儀式の中での形だけでなく、一人の人間として、伊織は神に感謝していた。
「駿は? 願い事や新年の抱負を?」
「はい」
拝殿を後にしながら、駿は伊織に語った。
「伊織さまと、ずっと一緒にいられますように、って。そして……」
「そして?」
言おうかな、どうしようかな、と迷っている風の駿だったが、やがて伊織を見た。
「志望大学に合格しますように、ってお願いしました」
大学進学!
これには伊織も驚いた。
ほんの前まで、僕の学力では進学は無理です、などと言っていたのに。
しかし、今、目の前にいる少年を見て、うなずいた。
(駿はもう、出会った頃の、か弱い存在ではないのだな)
「僕は、伊織さまがいなくては、何もできないんです。
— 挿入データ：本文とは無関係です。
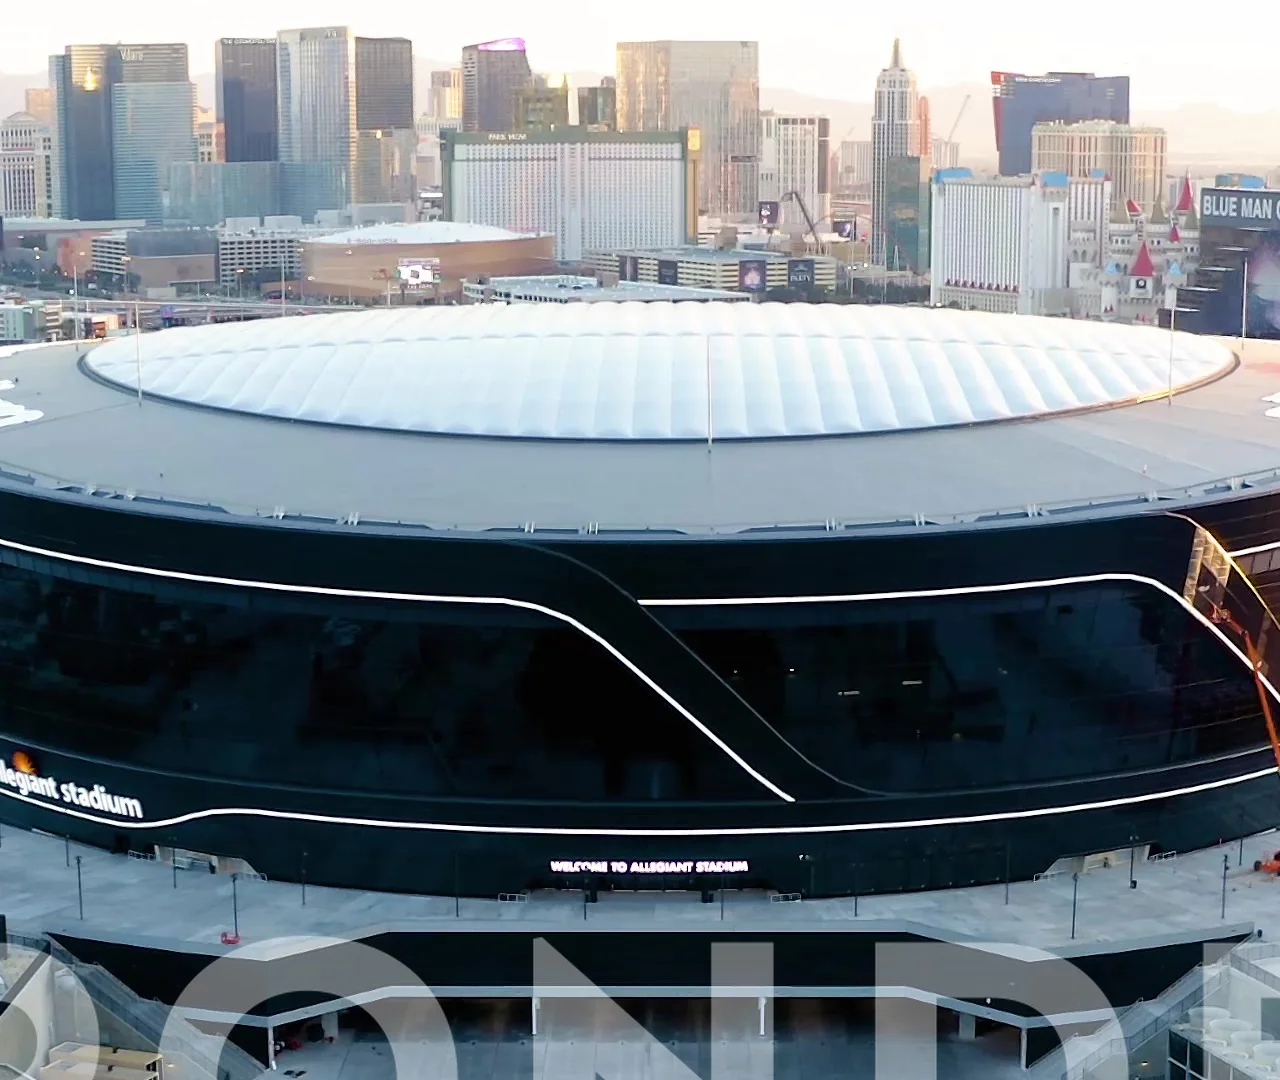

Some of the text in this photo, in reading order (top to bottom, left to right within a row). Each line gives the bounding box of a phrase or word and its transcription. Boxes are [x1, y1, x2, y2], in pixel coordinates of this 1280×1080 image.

[1203, 195, 1238, 217] BLUE
[1241, 197, 1273, 220] MAN
[60, 781, 144, 819] stadium
[550, 860, 749, 873] WELCOME TO ALLEGIANT STADIUM
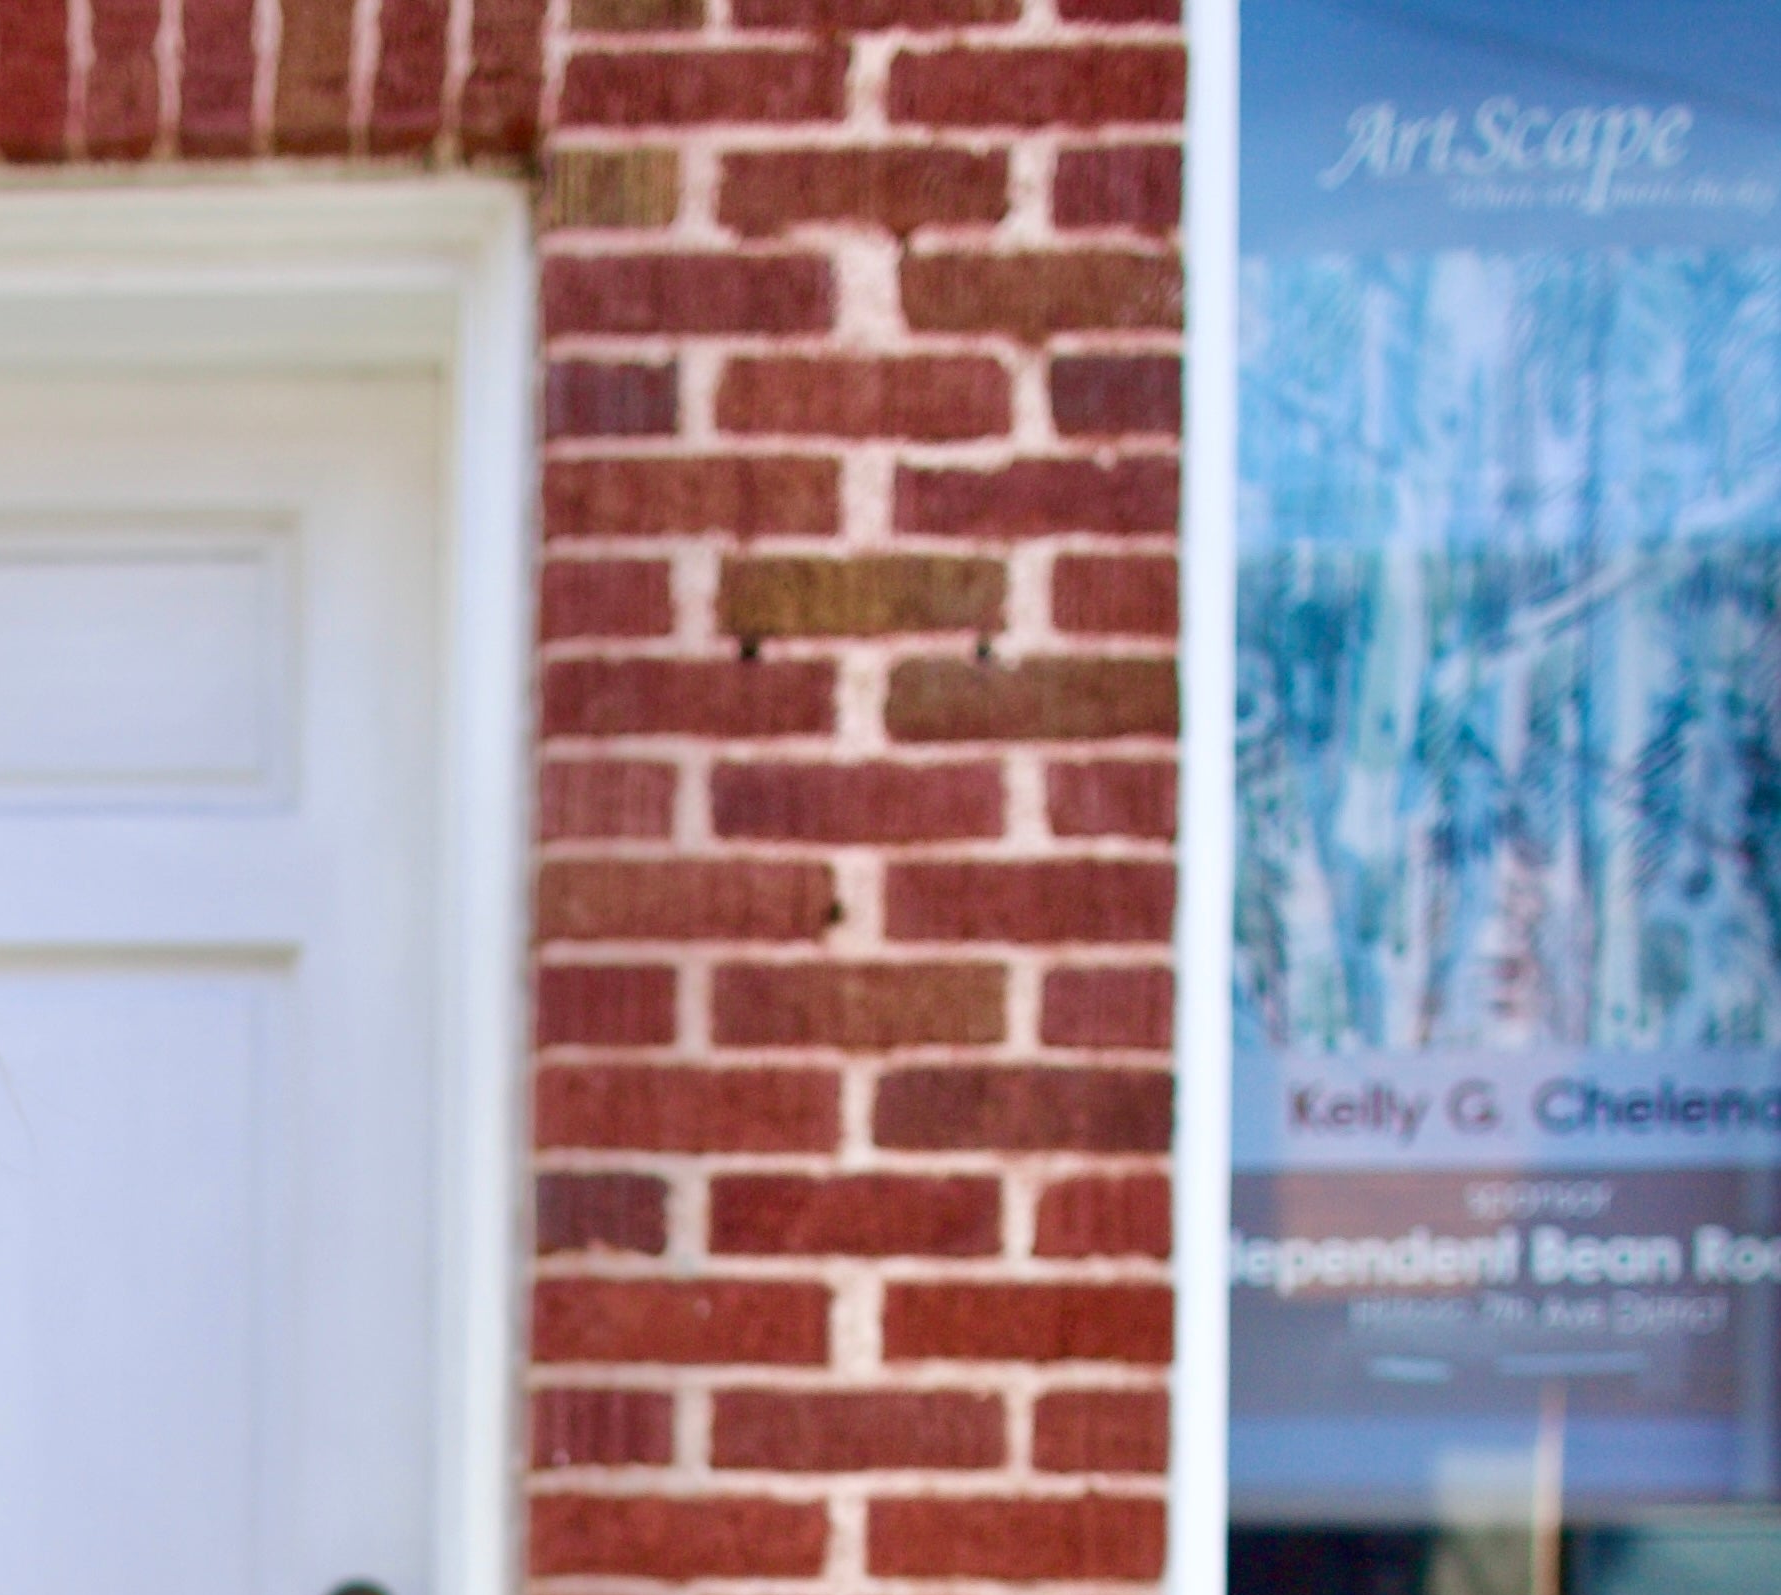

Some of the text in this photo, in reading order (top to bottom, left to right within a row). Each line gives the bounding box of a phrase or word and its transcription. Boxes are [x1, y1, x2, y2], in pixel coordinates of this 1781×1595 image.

[1318, 97, 1694, 215] ArtScape
[1285, 1080, 1431, 1146] Kelly
[1530, 1225, 1682, 1284] Bean
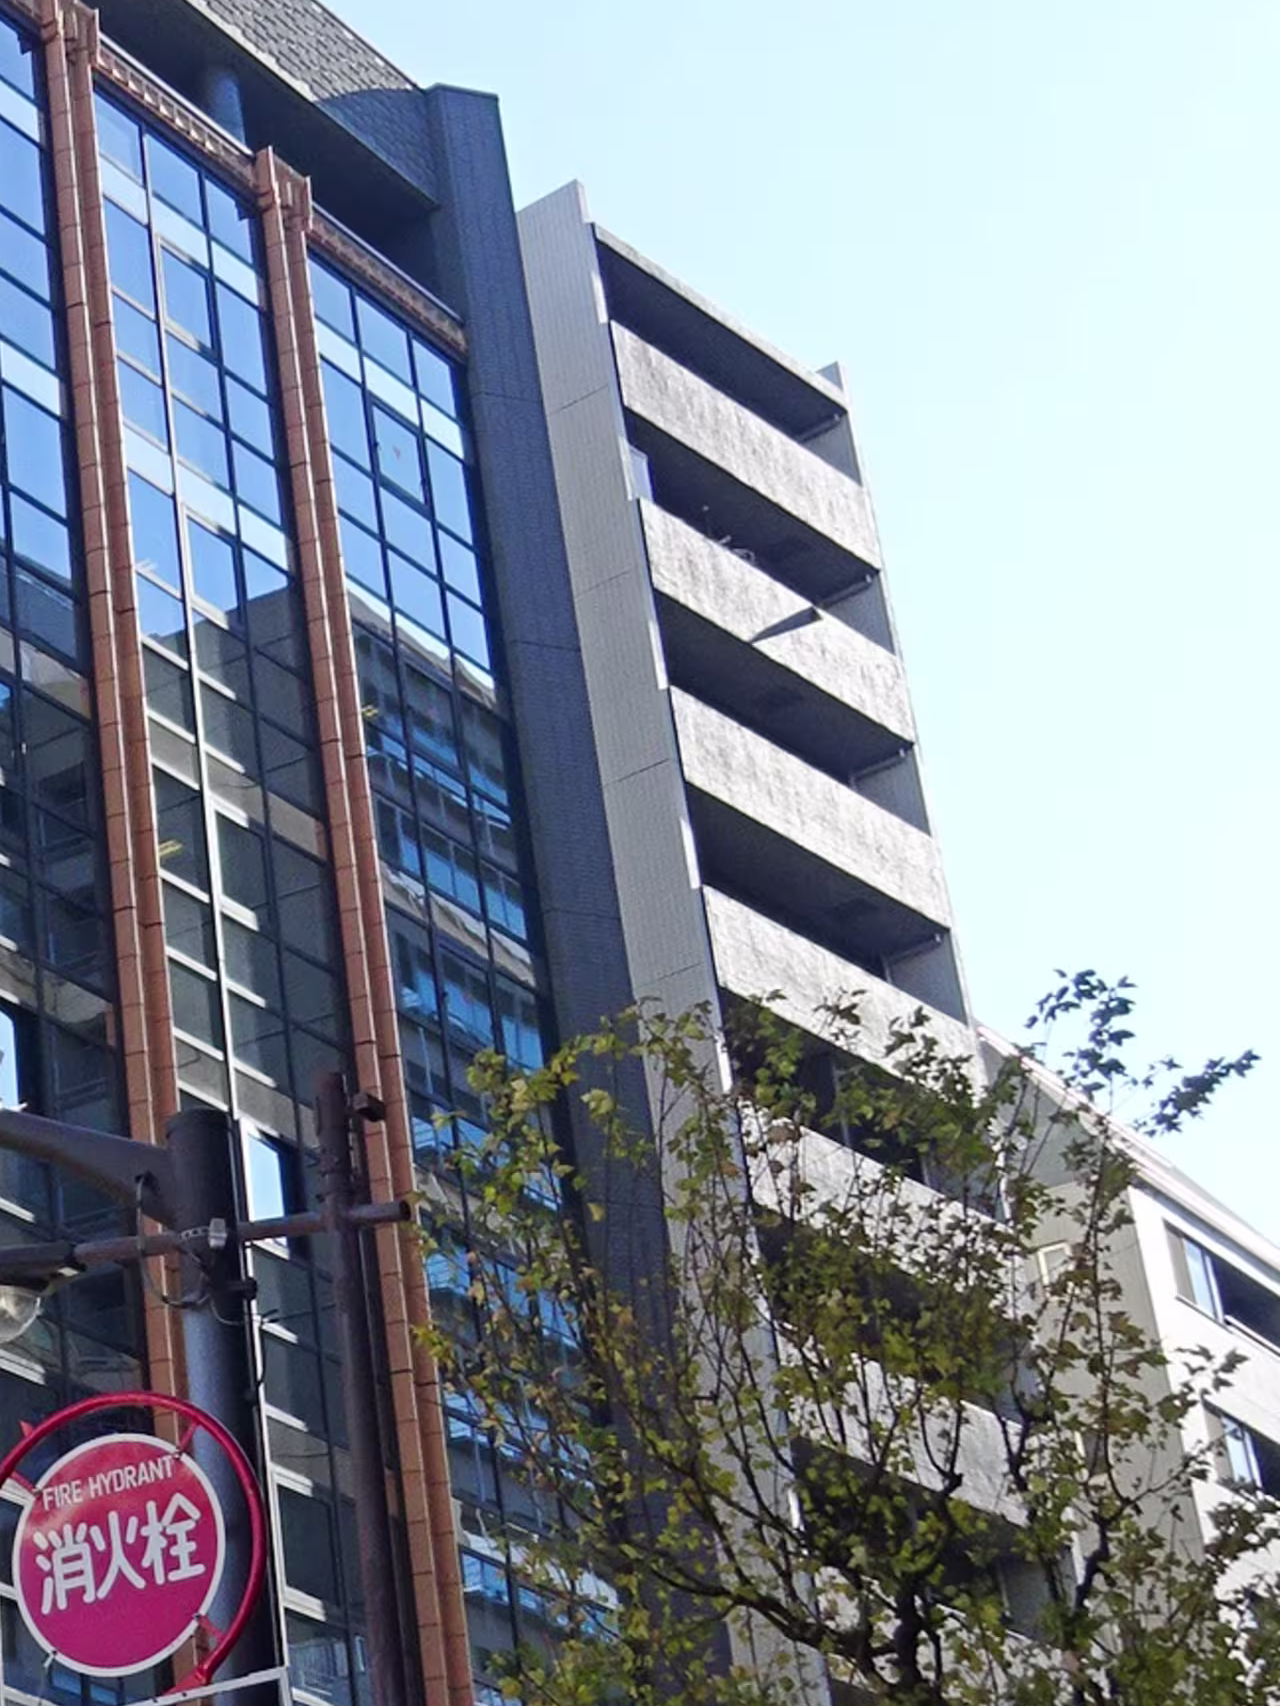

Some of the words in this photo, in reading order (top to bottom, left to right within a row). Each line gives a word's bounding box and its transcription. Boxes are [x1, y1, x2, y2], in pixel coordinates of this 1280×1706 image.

[42, 1480, 83, 1511] FIRE
[88, 1454, 173, 1499] HYDRANT
[33, 1492, 206, 1615] 消火栓
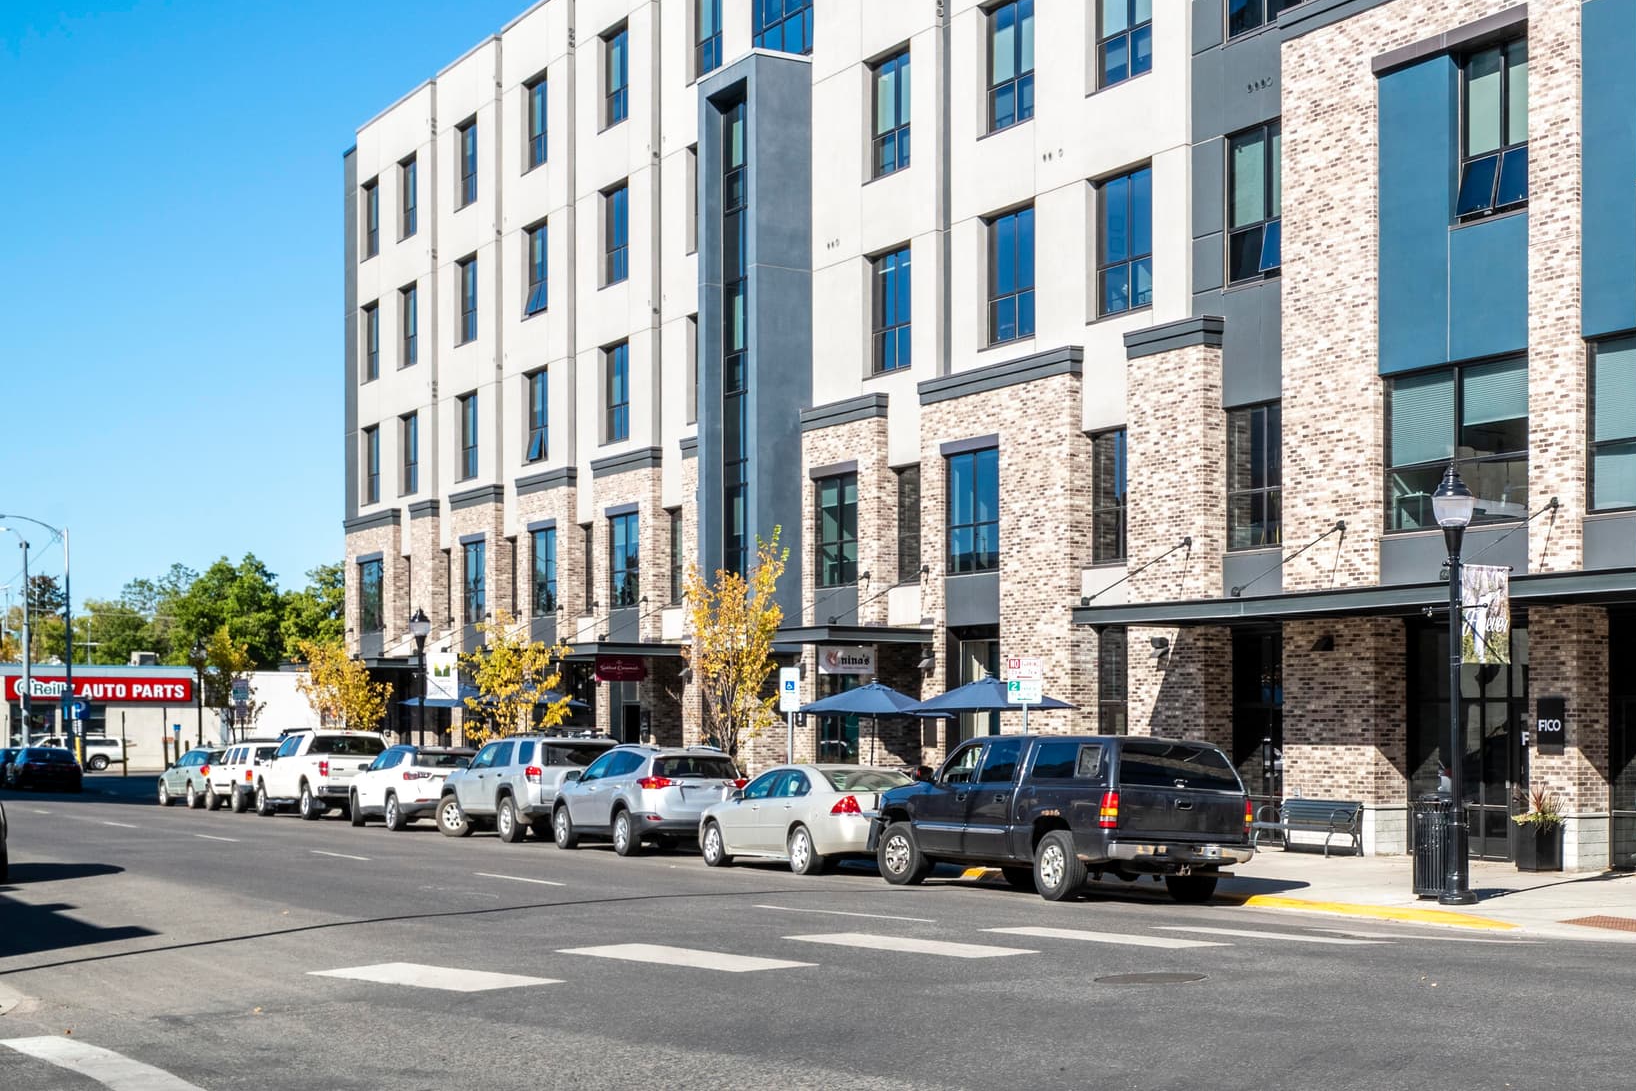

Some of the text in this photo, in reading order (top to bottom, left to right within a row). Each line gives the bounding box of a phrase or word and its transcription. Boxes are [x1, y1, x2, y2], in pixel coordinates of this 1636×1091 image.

[1010, 659, 1020, 668] NO
[14, 678, 185, 698] O'Reill AUTO PARTS
[1010, 681, 1019, 691] 2
[1538, 719, 1562, 732] FICO
それは、痛いほど解ってます」
この服も、お賽銭も、楽しい今の時間さえも、伊織抜きでは手に入らないものなのだ。
だけど、と駿は唇を引き締めた。
「僕が幸せになったことで、不幸を被っている友達がクラスに居て。彼みたいな、弱い立場の人のために、何か働きたいんです」
進学し、しっかり学んで。
社会に出たら、困っている人たちの力になりたい。
力強い、駿の抱負だった。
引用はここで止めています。